Aim of the task → Print, exactly and with no pictures, the line containing "Some of the text" and each line after it to the end of the entries below.

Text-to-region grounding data
┄┄┄┄┄┄┄┄┄┄┄┄┄┄┄┄┄┄┄┄
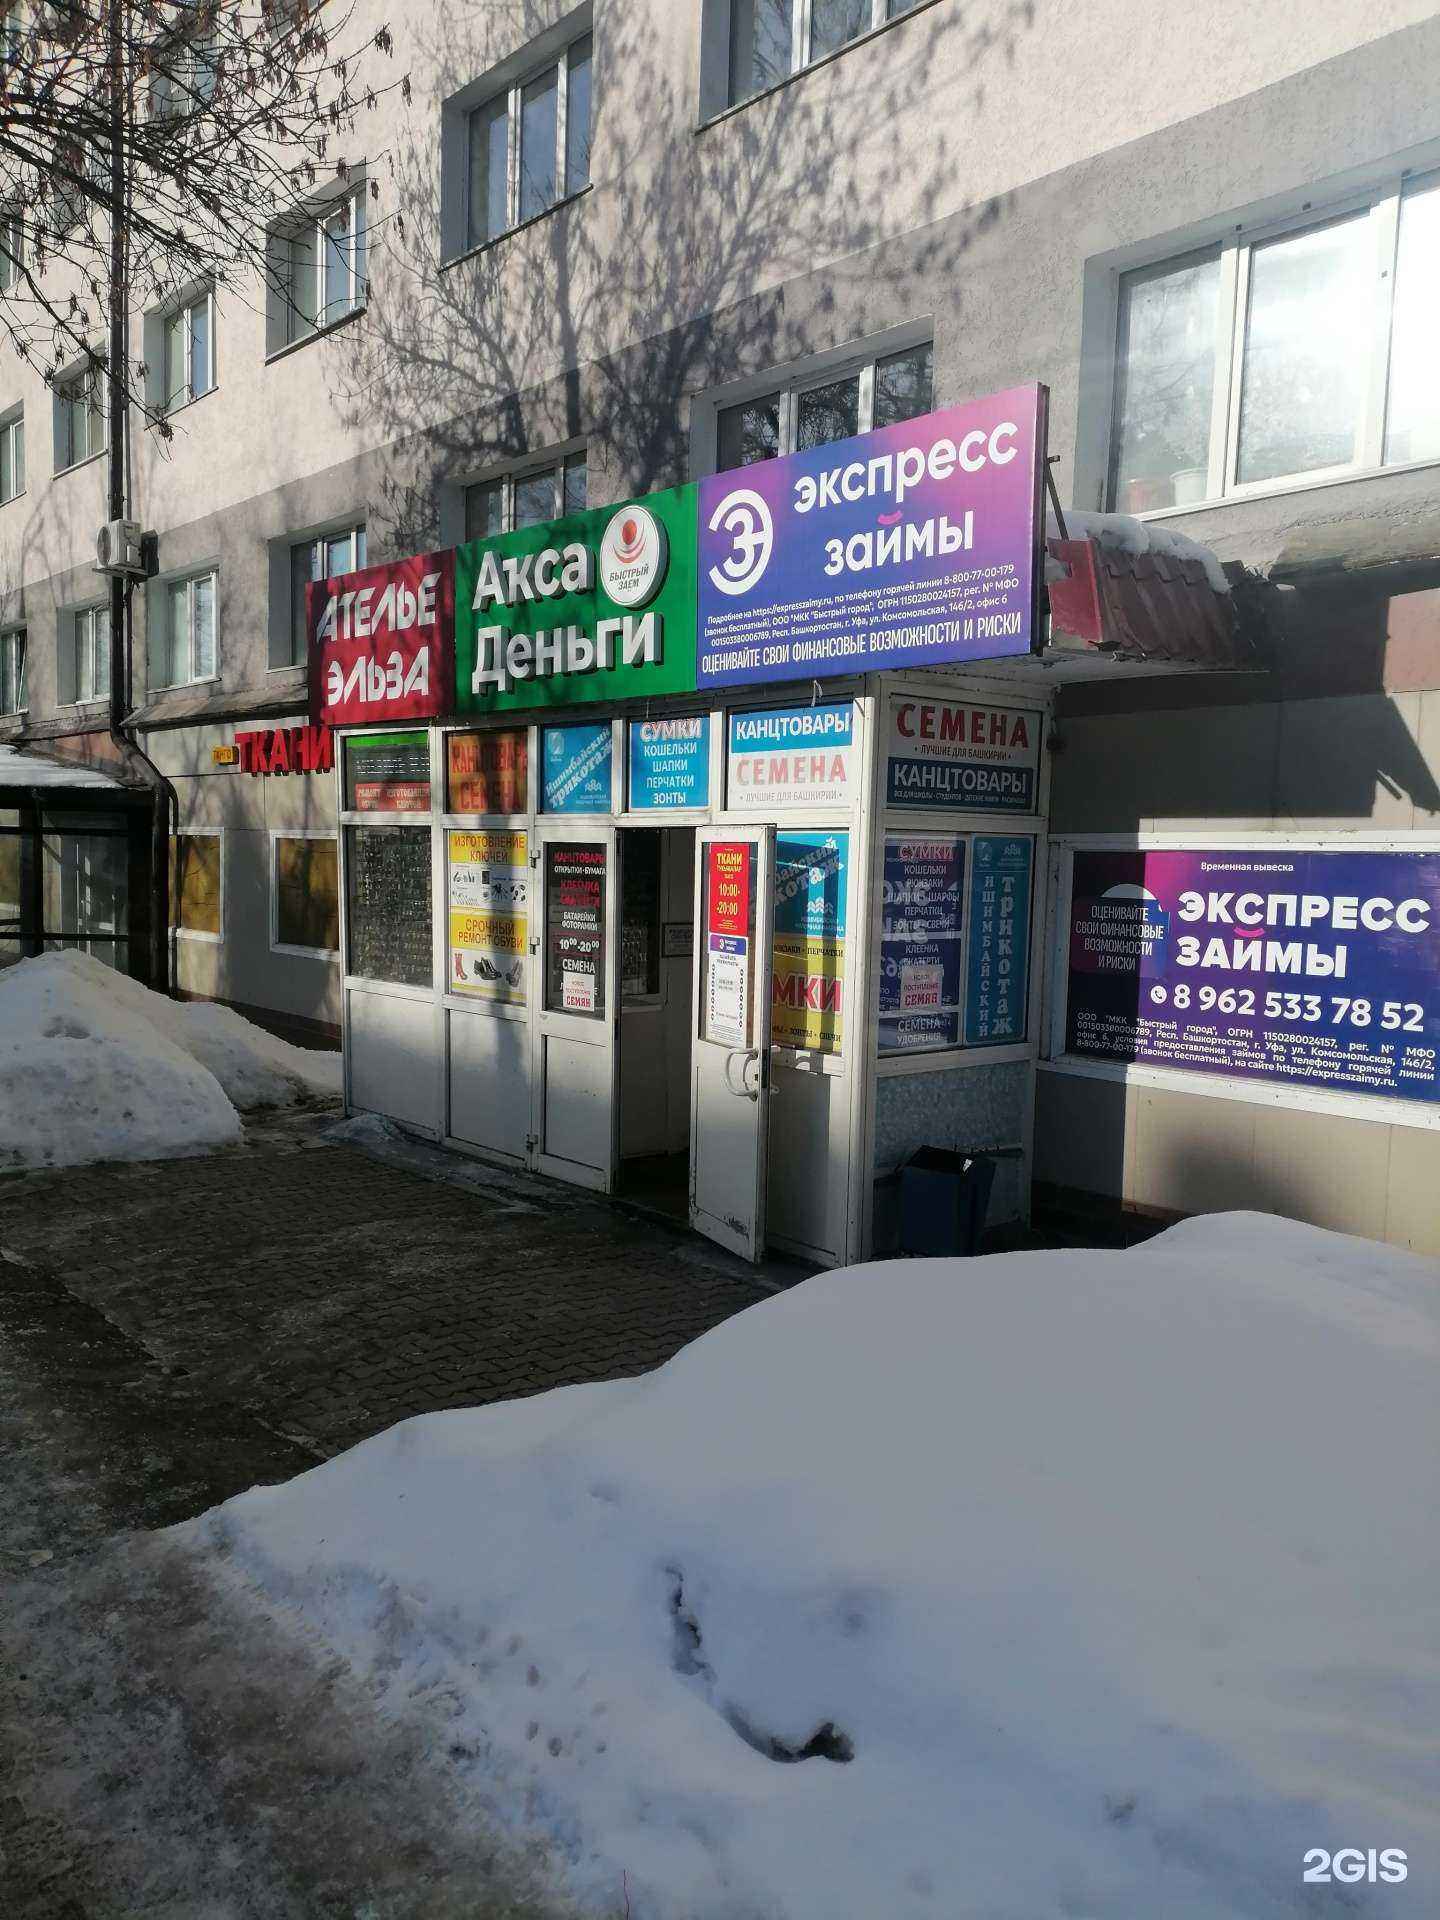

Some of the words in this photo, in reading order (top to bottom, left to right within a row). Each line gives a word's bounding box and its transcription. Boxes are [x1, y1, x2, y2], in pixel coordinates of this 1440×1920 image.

[794, 422, 1018, 513] экспресс
[823, 510, 974, 576] займы
[472, 543, 590, 610] Акса
[609, 565, 649, 583] БЫСТРЫЙ
[617, 579, 640, 592] ЗАЕМ
[708, 613, 743, 625] Подробнее
[743, 611, 752, 619] на
[834, 595, 844, 604] по
[845, 586, 881, 602] телефону
[883, 581, 916, 597] горячей
[916, 577, 943, 591] линии
[944, 564, 1015, 585] 8-800-77-00-179
[318, 572, 441, 642] АТЕЛЬЕ
[772, 616, 790, 626] ООО
[877, 598, 899, 610] ОГРН
[995, 577, 1019, 591] МФО
[851, 616, 868, 629] Уфа,
[976, 596, 1000, 609] офис
[1001, 594, 1008, 604] 6
[702, 647, 761, 675] ОЦЕНИВАЙТЕ
[762, 644, 790, 666] СВОИ
[792, 633, 866, 663] ФИНАНСОВЫЕ
[869, 620, 960, 652] ВОЗМОЖНОСТИ
[963, 619, 973, 640] И
[977, 612, 1021, 639] РИСКИ
[472, 612, 658, 695] Деньги
[327, 646, 430, 706] ЭЛЬЗА
[640, 718, 703, 742] СУМКИ
[736, 712, 849, 741] КАНЦТОВАРЫ
[896, 703, 1029, 748] СЕМЕНА
[235, 725, 333, 775] ТКАНИ
[644, 741, 697, 757] КОШЕЛЬКИ
[920, 744, 950, 756] ЛУЧШИЕ
[951, 747, 967, 759] ДЛЯ
[653, 760, 688, 773] ШАПКИ
[736, 754, 847, 786] СЕМЕНА
[646, 775, 694, 788] ПЕРЧАТКИ
[894, 763, 1027, 794] КАНЦТОВАРЫ
[653, 791, 686, 804] ЗОНТЫ
[746, 791, 775, 802] ЛУЧШИЕ
[777, 791, 793, 802] ДЛЯ
[455, 835, 525, 849] ИЗГОТОВЛЕНИЕ
[470, 850, 508, 862] КЛЮЧЕЙ
[716, 853, 742, 865] ТКАНИ
[904, 865, 947, 875] КОШЕЛЬКИ
[1200, 862, 1252, 872] Временная
[1253, 862, 1294, 872] вывеска
[563, 911, 596, 922] БАТАРЕЙКИ
[904, 906, 943, 916] ПЕРЧАТКИ
[1091, 903, 1149, 922] ОЦЕНИВАЙТЕ
[1177, 891, 1431, 933] ЭКСПРЕСС
[465, 918, 515, 934] СРОЧНЫЙ
[561, 920, 599, 931] ФОТОРАМКИ
[1075, 920, 1099, 935] СВОИ
[1100, 921, 1164, 940] ФИНАНСОВЫЕ
[458, 932, 492, 944] РЕМОНТ
[493, 936, 523, 950] ОБУВИ
[1083, 938, 1153, 956] ВОЗМОЖНОСТИ
[562, 958, 596, 974] СЕМЕНА
[1098, 955, 1105, 969] И
[1105, 955, 1136, 970] РИСКИ
[566, 996, 591, 1008] СЕМЯН
[773, 971, 843, 1014] МКИ
[1173, 984, 1191, 1009] 8
[1198, 986, 1256, 1016] 962
[1263, 992, 1322, 1022] 533
[1331, 998, 1372, 1027] 78
[1380, 1002, 1424, 1033] 52
[1077, 1012, 1097, 1021] ООО
[1227, 1027, 1253, 1039] ОГРН
[1349, 1042, 1370, 1052] рег.
[1406, 1046, 1436, 1059] МФО
[1115, 1035, 1148, 1046] условия
[1153, 1040, 1226, 1055] предоставления
[1232, 1048, 1266, 1060] займов
[1273, 1053, 1286, 1062] по
[1292, 1056, 1341, 1070] телефону
[1348, 1062, 1391, 1075] горячей
[1399, 1069, 1435, 1081] линии
[1156, 1029, 1179, 1040] Респ.
[1265, 1041, 1287, 1054] Уфа,
[1291, 1046, 1306, 1056] ул.
[1311, 1046, 1396, 1067] Комсомольская,
[1401, 1057, 1435, 1070] 146/2,
[1234, 1059, 1247, 1068] на
[1247, 1059, 1274, 1071] сайте
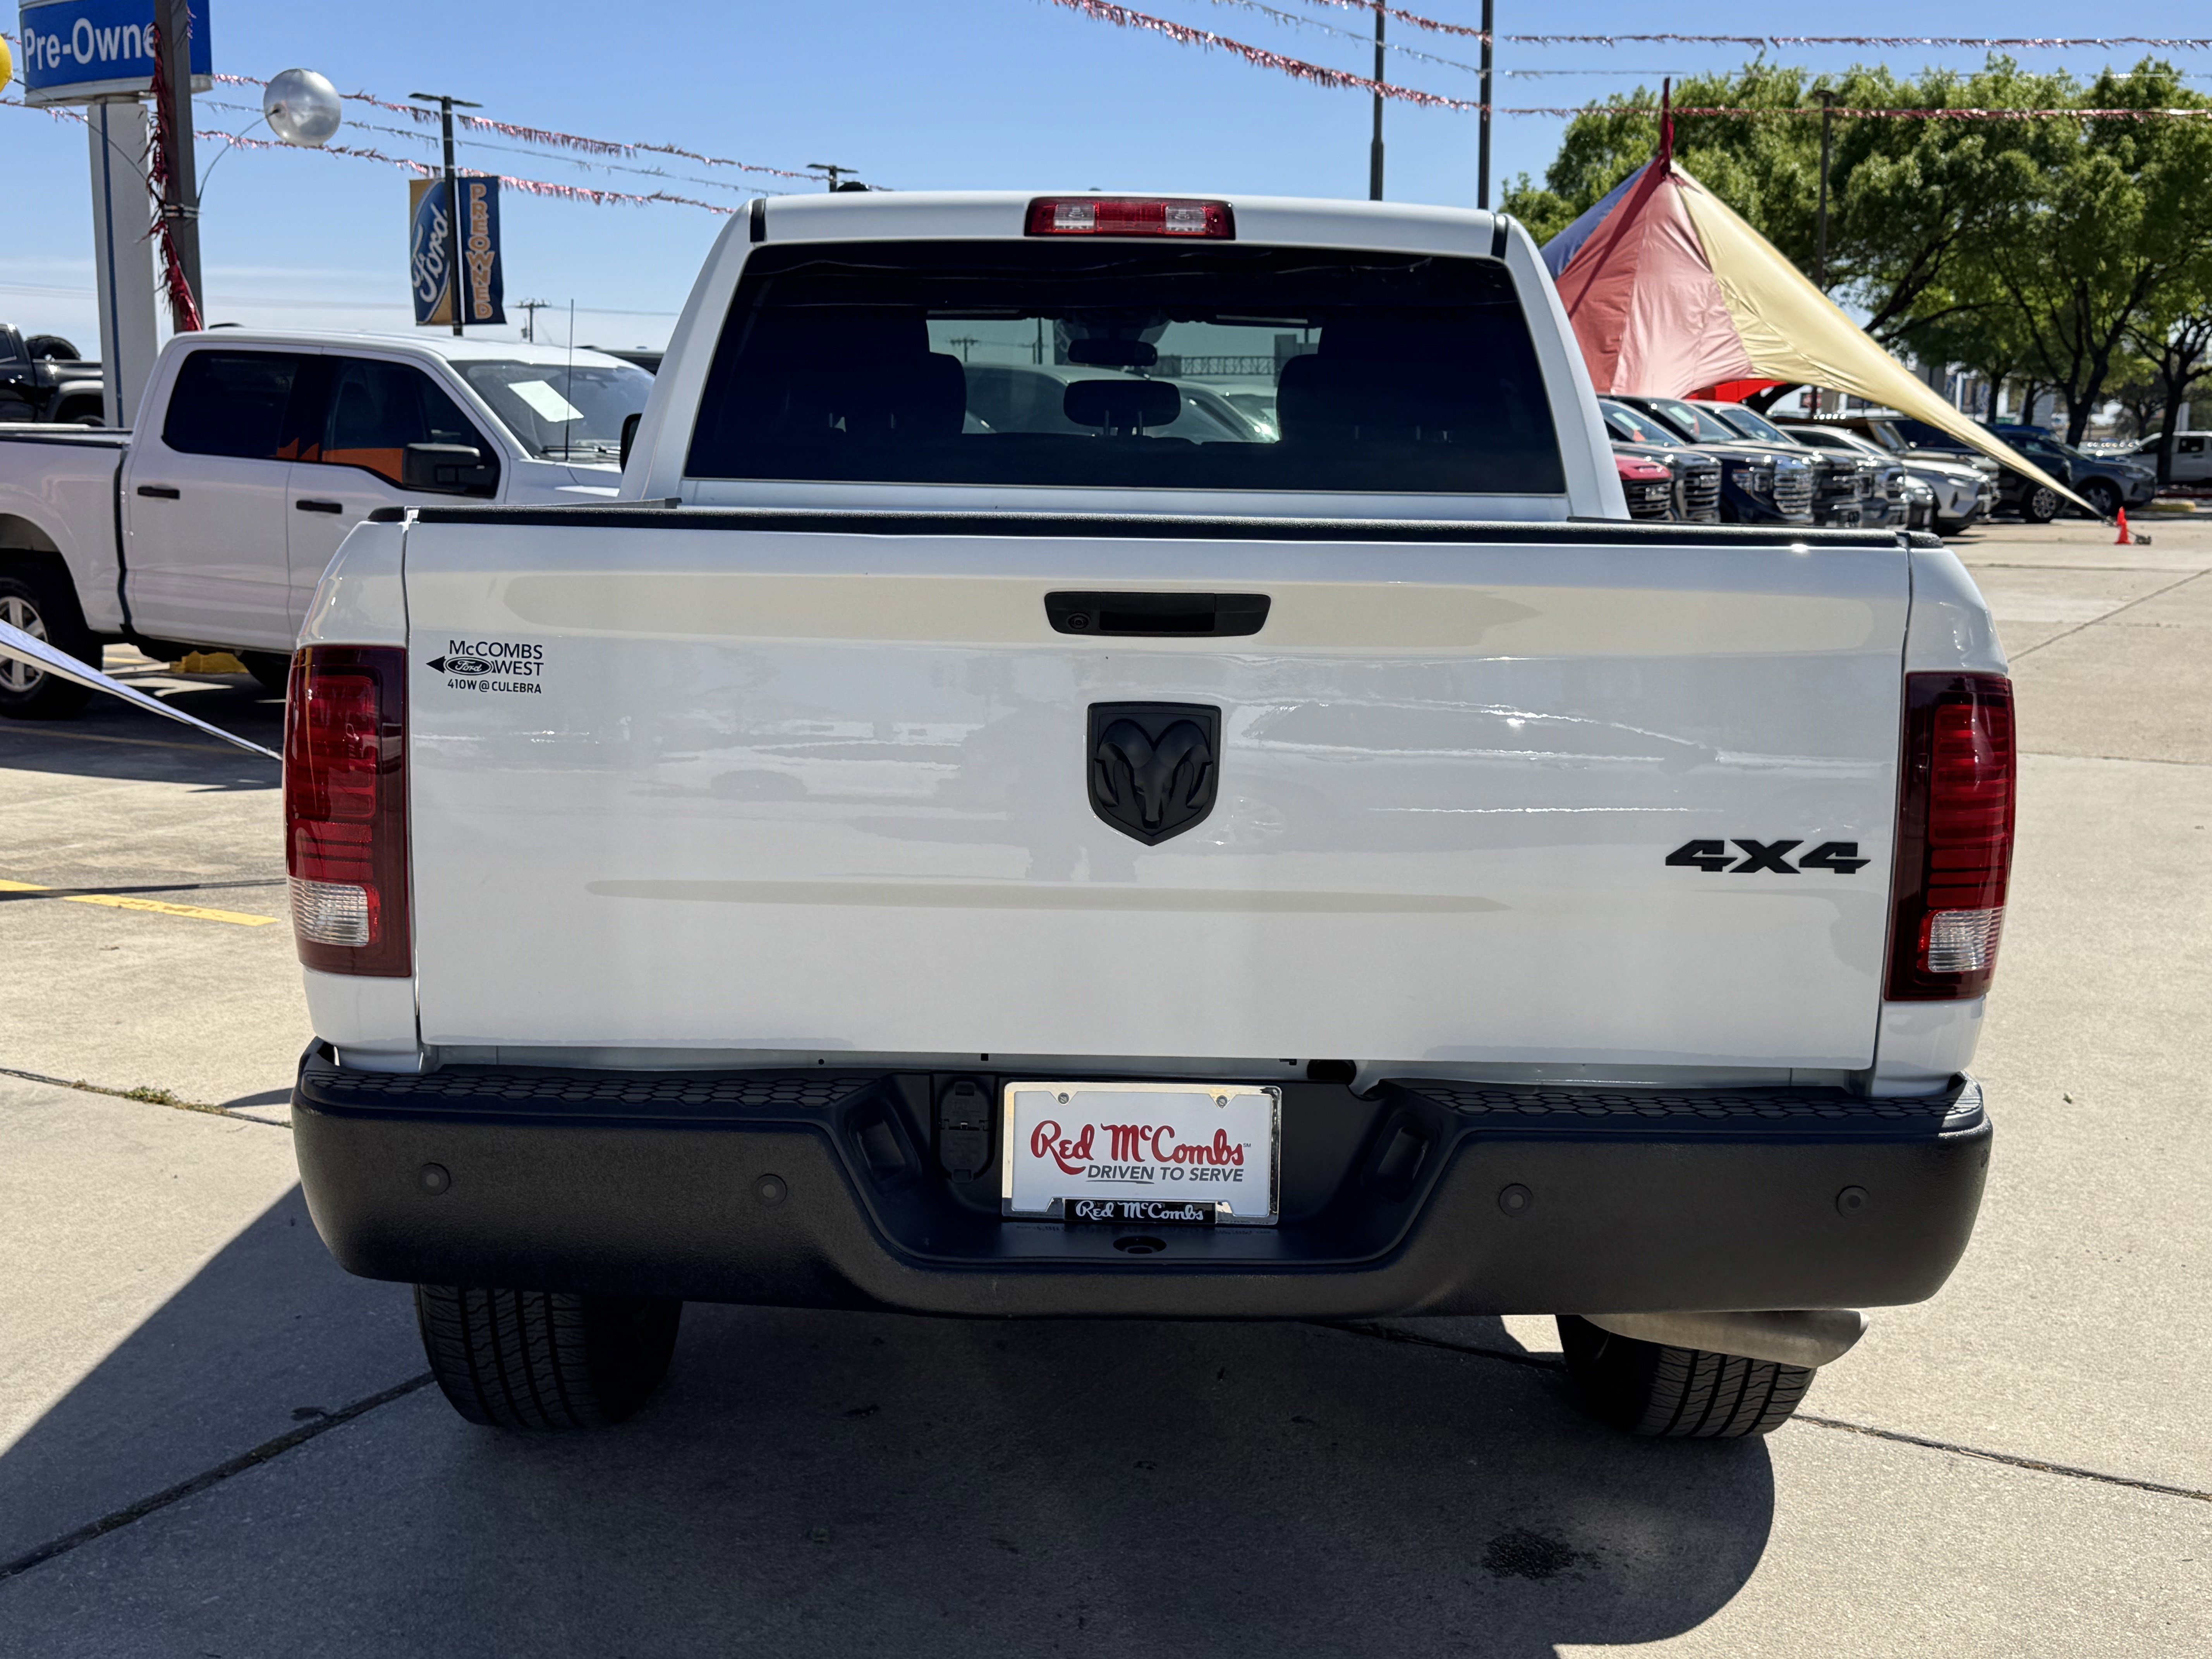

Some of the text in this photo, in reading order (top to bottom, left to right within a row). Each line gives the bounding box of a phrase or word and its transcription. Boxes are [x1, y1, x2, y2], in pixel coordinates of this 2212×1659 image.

[24, 17, 156, 72] Pre-Owne
[411, 202, 448, 302] Ford
[465, 184, 495, 319] PREOWNED
[450, 640, 543, 659] McCOMBS
[455, 660, 482, 672] Ford
[495, 660, 544, 676] WEST
[1030, 1120, 1095, 1175] Red
[1101, 1123, 1244, 1166] McCombs
[1087, 1164, 1245, 1182] DRIVEN TO SERVE
[1075, 1200, 1204, 1220] Red McCombs
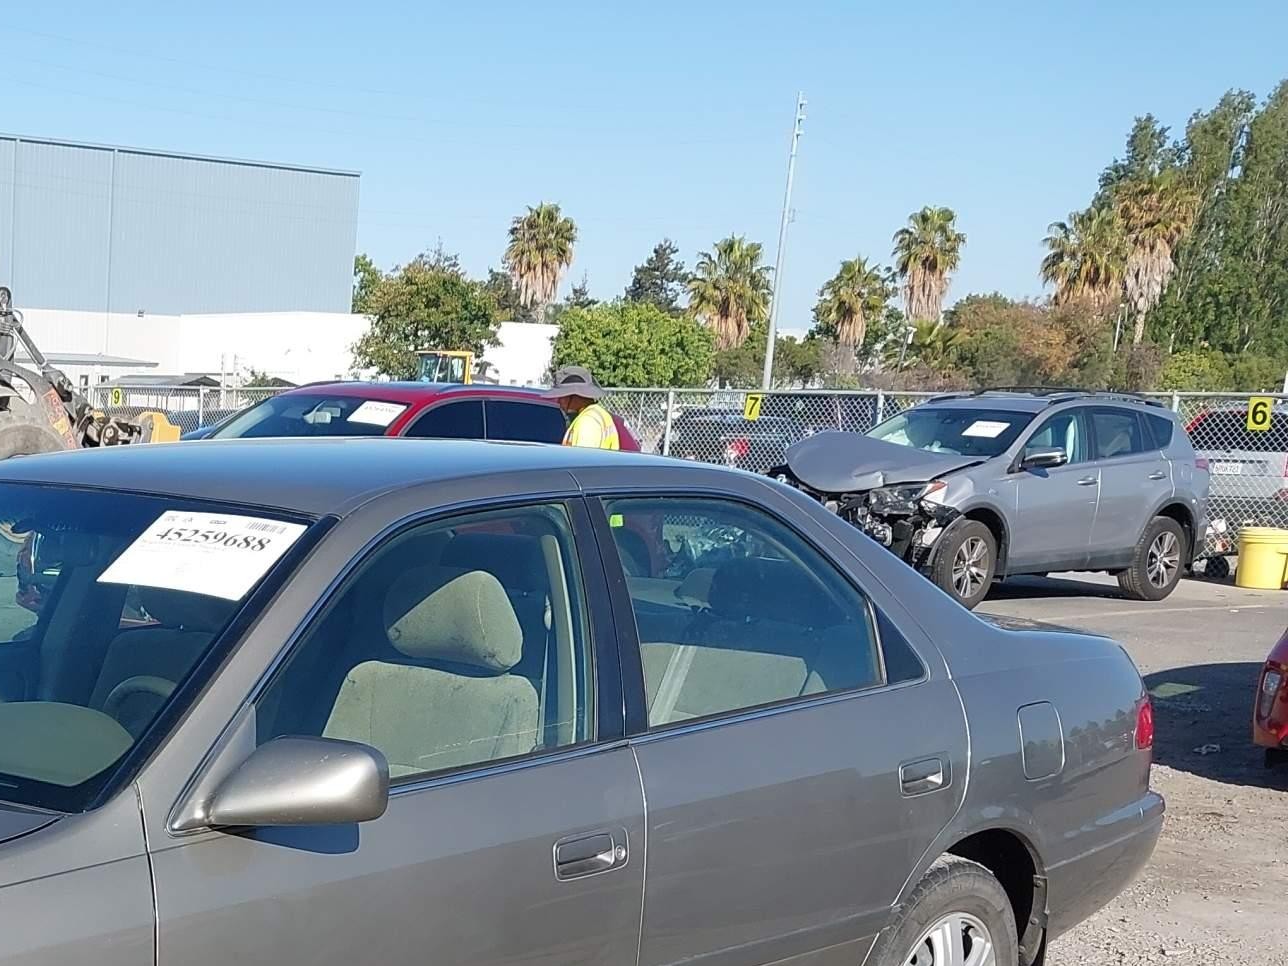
┄┄┄┄┄┄┄┄┄┄┄┄┄┄┄┄┄┄┄┄
Answer to this task →
Some of the text in this photo, in reading order (top to bottom, left to right within a row). Each line gives the bounding box of a phrase or word and its transcription. Boxes are [x1, y1, x2, y2], in pixel coordinates of this 2212×1659 image.

[24, 17, 156, 72] Pre-Owne
[411, 202, 448, 302] Ford
[465, 184, 495, 319] PREOWNED
[450, 640, 543, 659] McCOMBS
[455, 660, 482, 672] Ford
[495, 660, 544, 676] WEST
[1030, 1120, 1095, 1175] Red
[1101, 1123, 1244, 1166] McCombs
[1087, 1164, 1245, 1182] DRIVEN TO SERVE
[1075, 1200, 1204, 1220] Red McCombs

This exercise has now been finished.